LISTED RECORDS section start
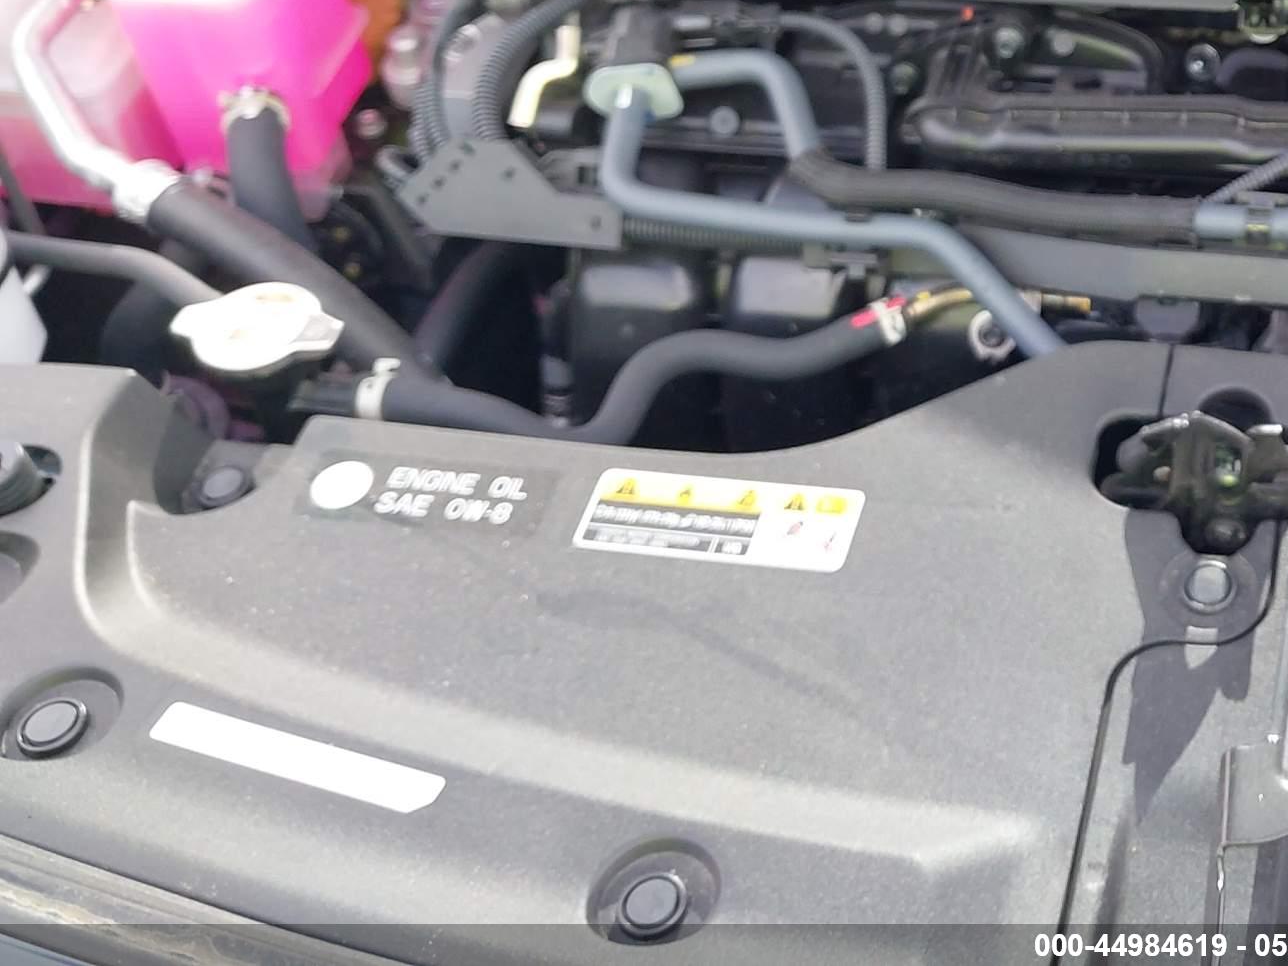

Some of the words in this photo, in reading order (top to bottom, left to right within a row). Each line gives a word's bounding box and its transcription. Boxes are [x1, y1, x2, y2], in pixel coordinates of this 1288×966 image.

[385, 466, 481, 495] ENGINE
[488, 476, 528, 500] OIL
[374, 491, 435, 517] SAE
LISTED RECORDS section end
LISTED RECORDS section start
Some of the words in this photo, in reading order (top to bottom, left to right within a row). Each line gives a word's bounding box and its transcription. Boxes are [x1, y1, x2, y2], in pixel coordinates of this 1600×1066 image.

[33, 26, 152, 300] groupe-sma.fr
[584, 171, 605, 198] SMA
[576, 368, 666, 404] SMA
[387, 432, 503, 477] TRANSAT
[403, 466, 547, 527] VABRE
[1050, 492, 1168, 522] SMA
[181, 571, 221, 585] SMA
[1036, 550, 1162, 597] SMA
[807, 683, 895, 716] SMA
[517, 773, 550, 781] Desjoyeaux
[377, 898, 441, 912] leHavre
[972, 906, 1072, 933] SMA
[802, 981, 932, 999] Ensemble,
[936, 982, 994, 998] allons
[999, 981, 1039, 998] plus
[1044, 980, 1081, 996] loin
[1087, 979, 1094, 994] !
LISTED RECORDS section end
LISTED RECORDS section start
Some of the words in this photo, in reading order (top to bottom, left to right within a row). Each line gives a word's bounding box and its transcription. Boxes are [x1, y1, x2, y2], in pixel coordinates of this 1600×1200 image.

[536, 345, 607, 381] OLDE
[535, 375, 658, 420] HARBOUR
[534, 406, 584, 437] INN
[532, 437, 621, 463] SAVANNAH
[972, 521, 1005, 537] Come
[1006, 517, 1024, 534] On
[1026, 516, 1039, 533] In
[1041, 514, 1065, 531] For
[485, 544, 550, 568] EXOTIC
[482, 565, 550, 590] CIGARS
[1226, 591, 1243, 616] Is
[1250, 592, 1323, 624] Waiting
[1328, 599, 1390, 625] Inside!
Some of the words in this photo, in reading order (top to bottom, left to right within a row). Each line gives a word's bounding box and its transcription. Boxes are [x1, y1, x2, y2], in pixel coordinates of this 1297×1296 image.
LISTED RECORDS section end
▶ [TASK DESCRIPTION]
As the answer, set down only the lines from the data above between the one holding "this 1600×1200 image." and the one holding "this 1297×1296 image.", inclusive, exactly as they read.

▶ [RESPONSE]
Some of the words in this photo, in reading order (top to bottom, left to right within a row). Each line gives a word's bounding box and its transcription. Boxes are [x1, y1, x2, y2], in pixel coordinates of this 1600×1200 image.

[536, 345, 607, 381] OLDE
[535, 375, 658, 420] HARBOUR
[534, 406, 584, 437] INN
[532, 437, 621, 463] SAVANNAH
[972, 521, 1005, 537] Come
[1006, 517, 1024, 534] On
[1026, 516, 1039, 533] In
[1041, 514, 1065, 531] For
[485, 544, 550, 568] EXOTIC
[482, 565, 550, 590] CIGARS
[1226, 591, 1243, 616] Is
[1250, 592, 1323, 624] Waiting
[1328, 599, 1390, 625] Inside!
Some of the words in this photo, in reading order (top to bottom, left to right within a row). Each line gives a word's bounding box and its transcription. Boxes are [x1, y1, x2, y2], in pixel coordinates of this 1297×1296 image.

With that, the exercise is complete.